● Problem statement: What this exercise needs is every entry restated as written, with no pictures.

● Data provided:
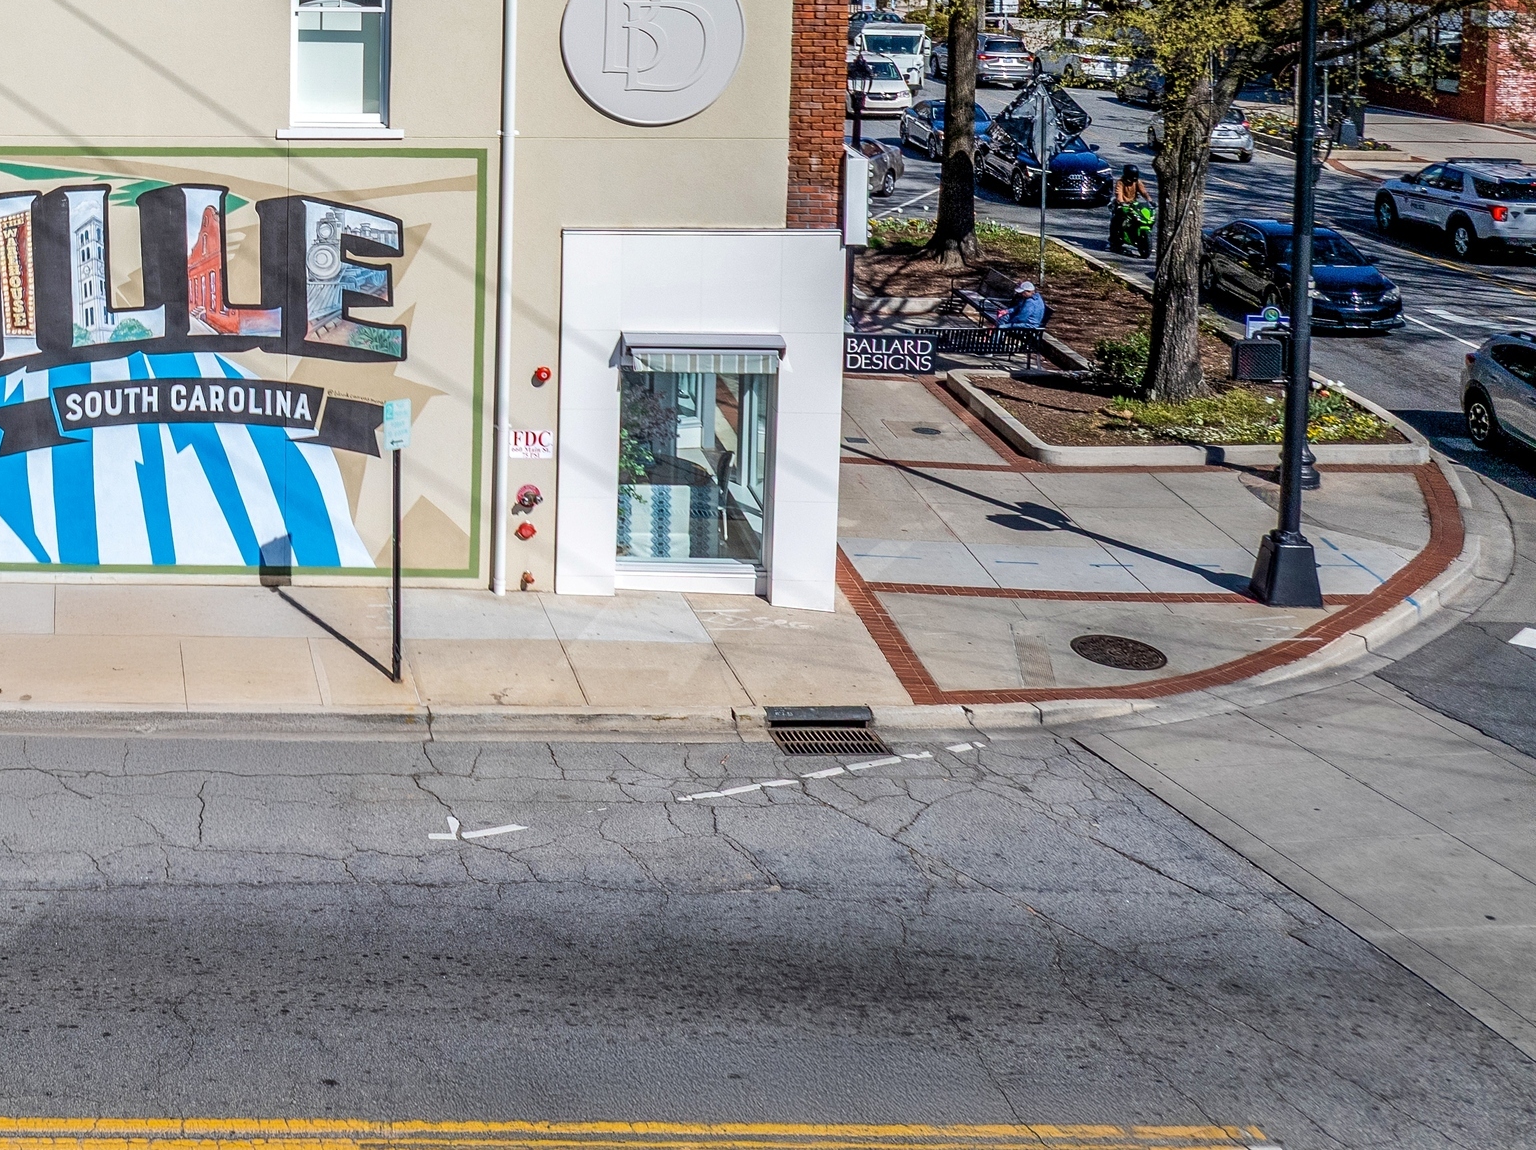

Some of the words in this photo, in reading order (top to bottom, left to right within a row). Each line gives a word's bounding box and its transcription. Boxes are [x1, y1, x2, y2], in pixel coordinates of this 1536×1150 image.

[847, 338, 932, 355] BALLARD
[846, 354, 932, 371] DESIGNS
[65, 386, 159, 421] SOUTH
[170, 384, 313, 421] CAROLINA
[512, 430, 552, 447] FDC

● Result of this task:
Some of the words in this photo, in reading order (top to bottom, left to right within a row). Each line gives a word's bounding box and its transcription. Boxes are [x1, y1, x2, y2], in pixel coordinates of this 1536×1150 image.

[847, 338, 932, 355] BALLARD
[846, 354, 932, 371] DESIGNS
[65, 386, 159, 421] SOUTH
[170, 384, 313, 421] CAROLINA
[512, 430, 552, 447] FDC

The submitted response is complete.